Итак, перед нами — анахронистичная и ошибочная в существе своем концепция, превращающая многовековую, окончившуюся крахом феодально-рыцарскую экспансию на Восток в эпохообразующий фактор европейской истории и движущую силу развития западной культуры.
Та же анахронистичность свойственна и самому переводу мемуаров Жоффруа де Виллардуэна. Он выполнен по архаичному французскому изданию Наталиса де Вайи, увидевшему свет... в 1874 г. Как уверяет О. Смолицкая, оно остается «и по сей день одним из самых авторитетных» (с. 254-255). Отчего же тогда, спрашивается, все новейшие иноязычные переводы хроники и все исследования о ней опираются на более позднее, считающееся образцовым издание Э. Фараля (1938-1939 гг.) 4 , чьи «публикации» (? — М. З.), по словам переводчицы, ею были использованы (с. 255)?

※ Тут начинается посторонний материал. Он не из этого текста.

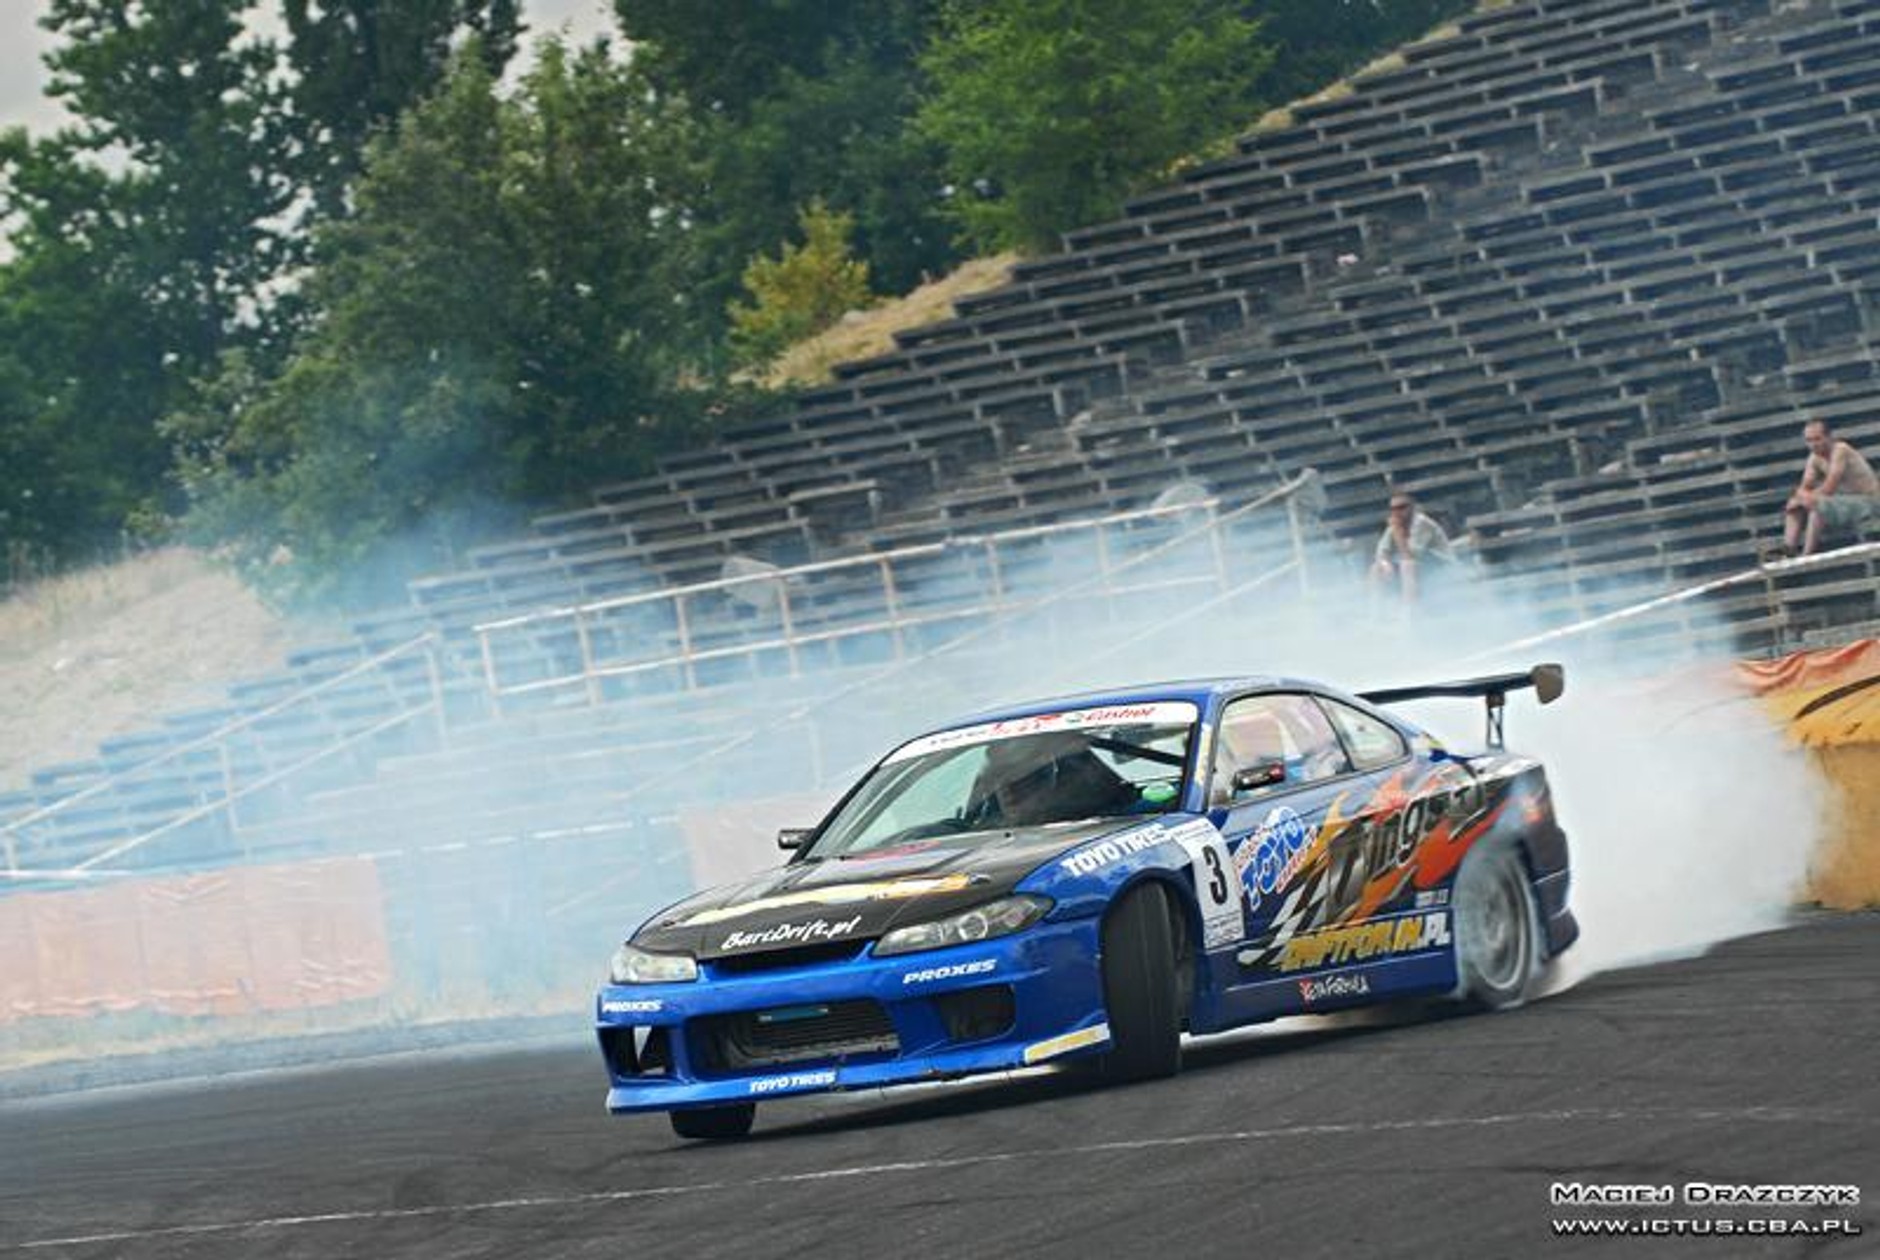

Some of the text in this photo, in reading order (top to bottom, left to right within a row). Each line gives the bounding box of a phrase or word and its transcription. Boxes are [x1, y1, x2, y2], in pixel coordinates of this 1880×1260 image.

[1060, 840, 1122, 877] TOYO
[1116, 823, 1172, 855] TIRES
[1201, 844, 1229, 906] 3
[903, 958, 998, 985] PROXES
[601, 1000, 664, 1014] PROXES
[749, 1071, 837, 1093] TOYO TIRES

Обращение, как правило, к заведомо устаревшим трудам 5 (вплоть до издания Ж. Дюканжа — 1657 г., с. 255) и игнорирование большинства современных зарубежных исследований о хронике Жоффруа де Виллардуэна (советских она и вовсе не знает!), в том числе книг и статей Л. Хартмана, Ж. Ларма, Дж. Морриса, Э. Мак Нила, Дж. Бир и др., сказывающееся, в частности, во вводной статье 6 , не делают чести ни автору статьи, ни ответственному редактору книги.
Для полноты оценки их труда отметим еще одно обстоятельство. Дважды — в издательской аннотации и на обороте обложки — говорится, что «хроника Жоффруа де Виллардуэна и большинство песен труверов на русский язык переводятся впервые». В действительности довольно крупные фрагменты этой хроники переводились на русский язык уже [190] раньше: в старой Хрестоматии М. М. Стасюлевича в 1865 г. (с. 619-643) и в неоднократно цитируемой самой О. Смолицкой книге автора этих строк «История крестовых походов в документах и материалах» (М.: Высш, шк., 1977).

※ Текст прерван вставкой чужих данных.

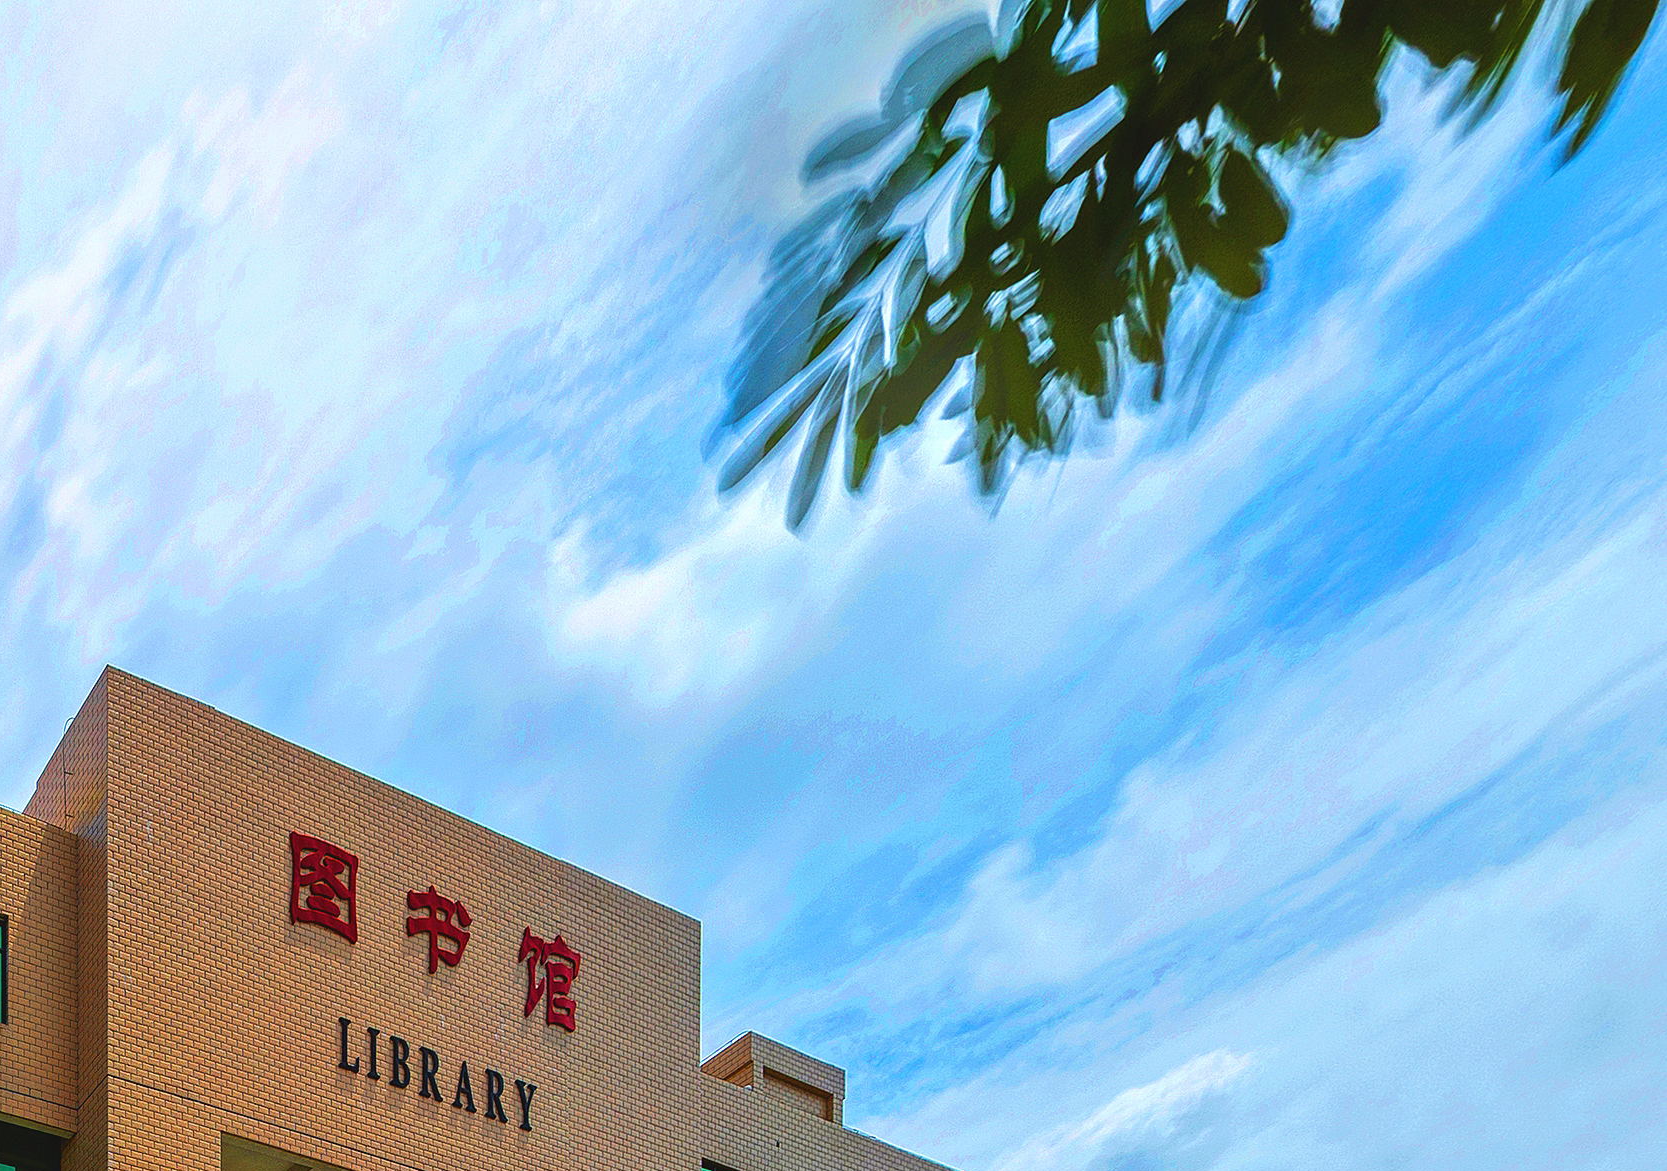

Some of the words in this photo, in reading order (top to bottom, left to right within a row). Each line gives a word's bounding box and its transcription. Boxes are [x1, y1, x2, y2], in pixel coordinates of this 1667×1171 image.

[289, 830, 581, 1032] 图书馆
[338, 1016, 537, 1132] LIBRARY

Перейдем к самому переводу хроники и комментариям (мы не касаемся песен труверов, поскольку критика переводов их произведений целиком входит в компетенцию литературоведов). Внешне перевод довольно «гладок», но при внимательном чтении текста бросаются в глаза «особенности», заставляющие усомниться в его доброкачественности.

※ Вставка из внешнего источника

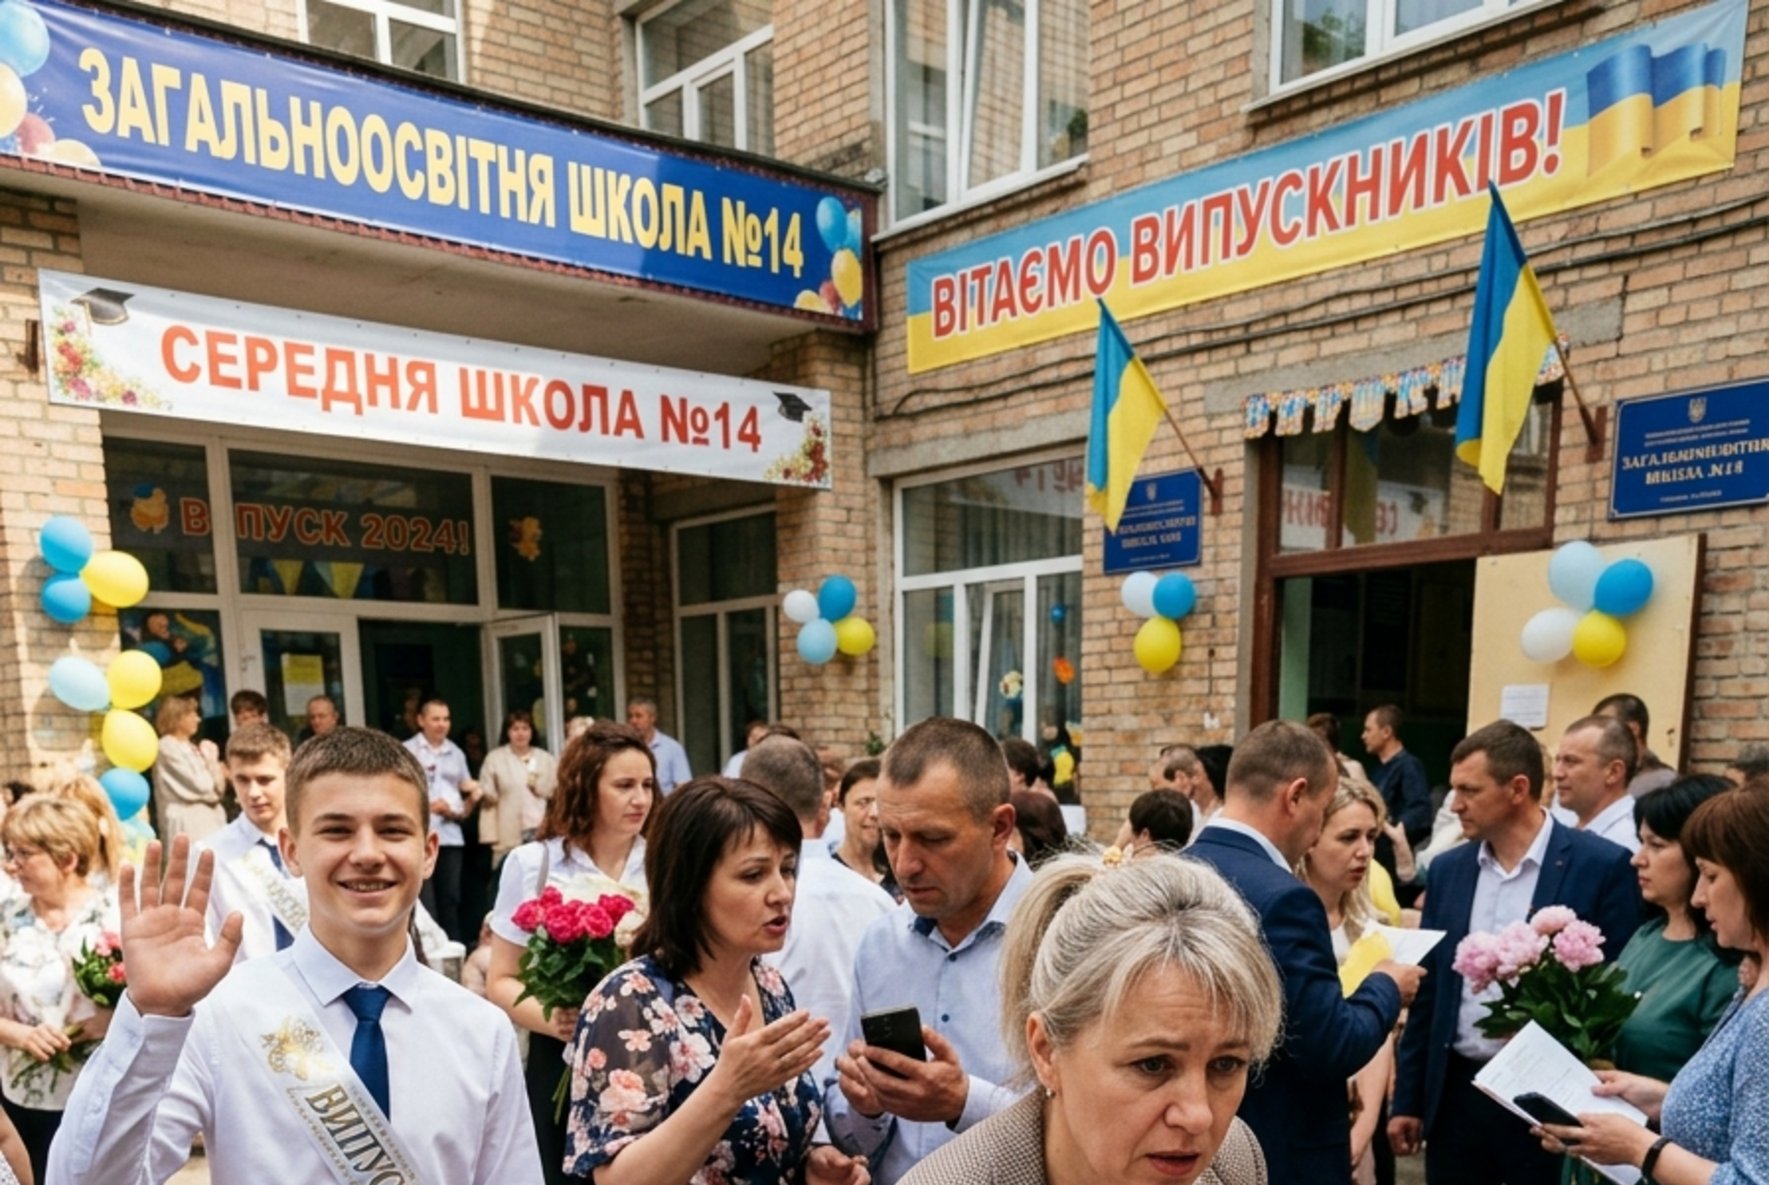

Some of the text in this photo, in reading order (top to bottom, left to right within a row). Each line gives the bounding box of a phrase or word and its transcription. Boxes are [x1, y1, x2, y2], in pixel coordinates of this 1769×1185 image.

[79, 48, 804, 278] ЗАГАЛЬНООСВІТНЯ ШКОЛА №14
[932, 89, 1566, 339] ВІТАЄМО ВИПУСКНИКІВ!
[161, 325, 762, 454] СЕРЕДНЯ ШКОЛА №14
[361, 514, 470, 555] 2024!

Прежде всего переводчица явно злоупотребляет канцеляризмами, чуждыми стилю Жоффруа де Виллардуэна. «Сии», «кои» (во всех падежах!) и даже «кое» (для среднего рода), нисколько не приближая русский перевод к оригиналу, лишь нарочито архаизируют слог хрониста на манер слога приказных дьяков XVII в., не имеющего ничего общего со стилем «куртуазного» хрониста, каким его хотела бы видеть О. Смолицкая.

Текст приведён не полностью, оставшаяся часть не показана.